Arborescent, rigid and sharp-pointed leaves. Unlike Y. schottii, has convexo-concave, often twisted leaves, with distinctive coarse, marginal curled filaments. Leaf color varies from blue-green to dark green, and leaf surface from smooth to rough. Leaf length varies from 1.5–3+ feet. The inflorescence, up to 3 ft long, is mostly within the leaves. Its bracted (bracts up to 4 inches long and 1 in. wide), foot-long branchlets (apr. 20 per peduncle) each bear a dozen pendant, flowers, single on up to 1-inch-long pedicels. Each flower has its own small bractlet. Waxy, whitish, campanulate tepals, often maroon-tinted, 1.5–3+ inches long, not joined at their bases, or barely so. One Arizona Garden individual displayed both young fruit (green, 1.5 in. long) and flowers April 15, 2003. Wilson (1938) reported Y. schidigera in the Stanford Experimental Garden before 1915. (Albert Wilson (1938) Distintive Trees, Shrubs, and Vines in the Gardens of the San Francisco Peninsula.)

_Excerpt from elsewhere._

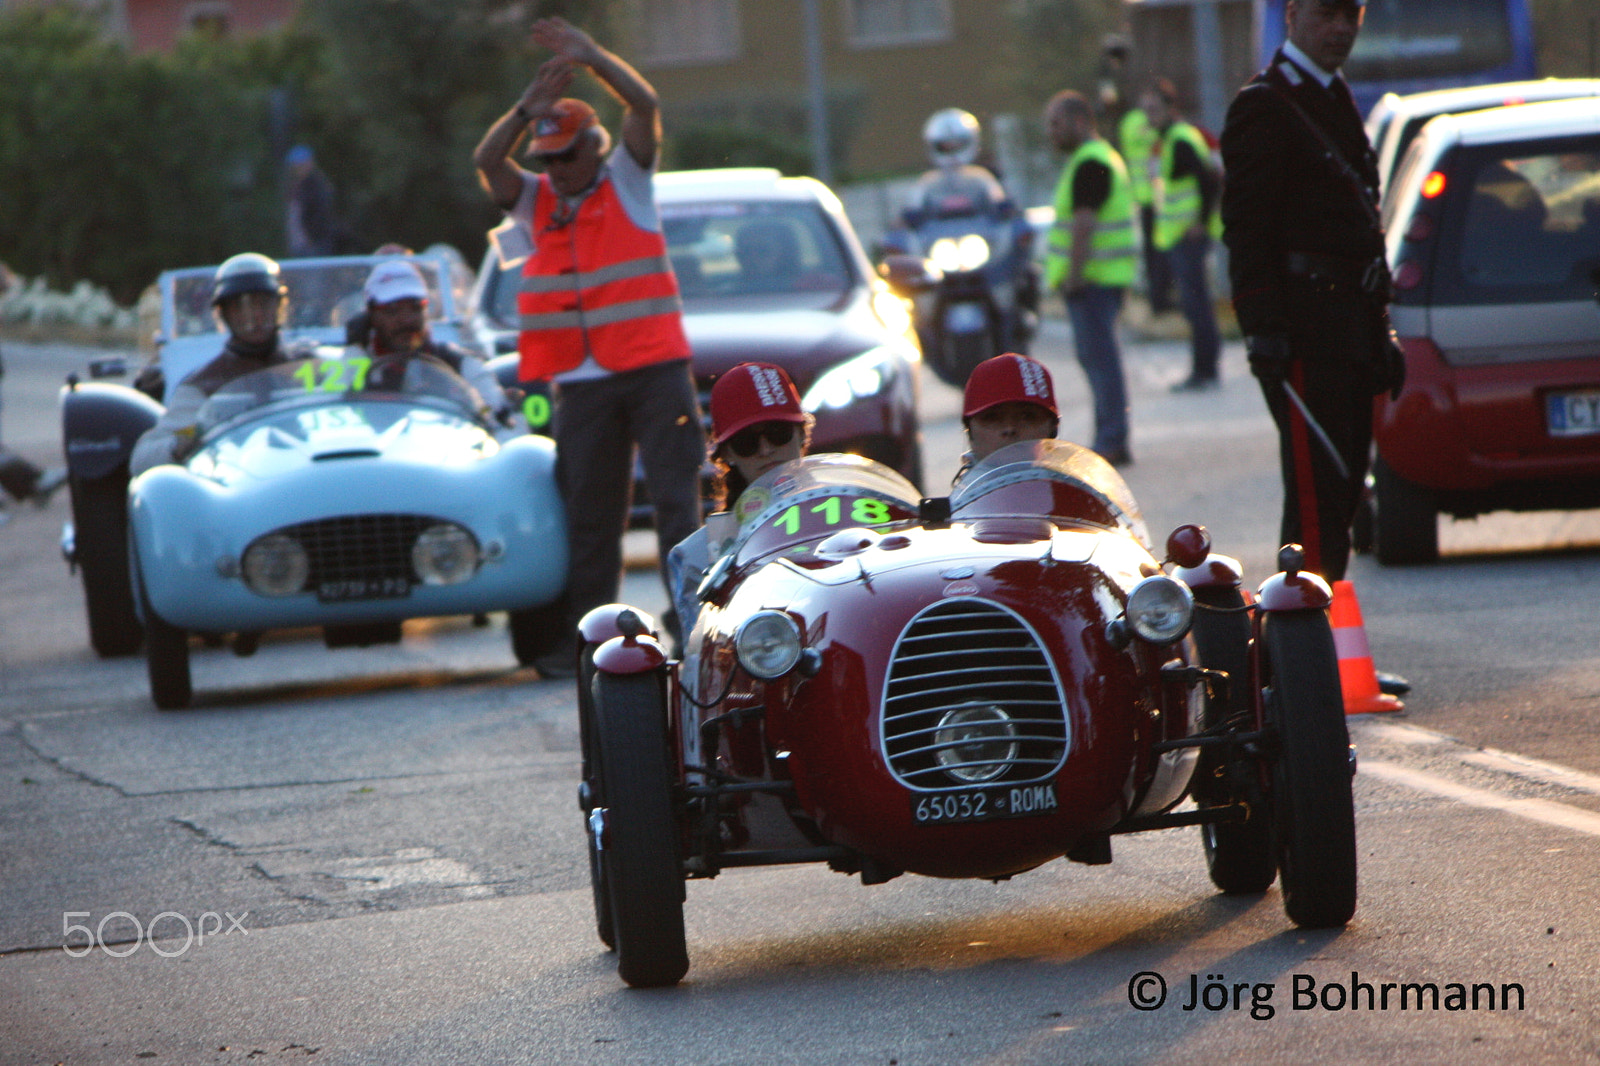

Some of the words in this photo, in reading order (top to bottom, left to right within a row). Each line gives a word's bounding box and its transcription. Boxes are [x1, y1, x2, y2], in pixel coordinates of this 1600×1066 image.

It is native to Southwestern California (San Diego Co.), S Mojave Desert, NW Sonoran Desert.

Name derivation: Yucca – Haitian: yuca, or manihot, because young inflorescences sometimes roasted for food; schidigera – from the Latin meaning "bearing a splinter of wood," alluding to the coarse marginal fibers at the edge of the leaf blade [from California Plant Names].

About this Entry: John Rawlings authored/updated the text ca. 2005–2013. Locations added (Dec 2024, SP).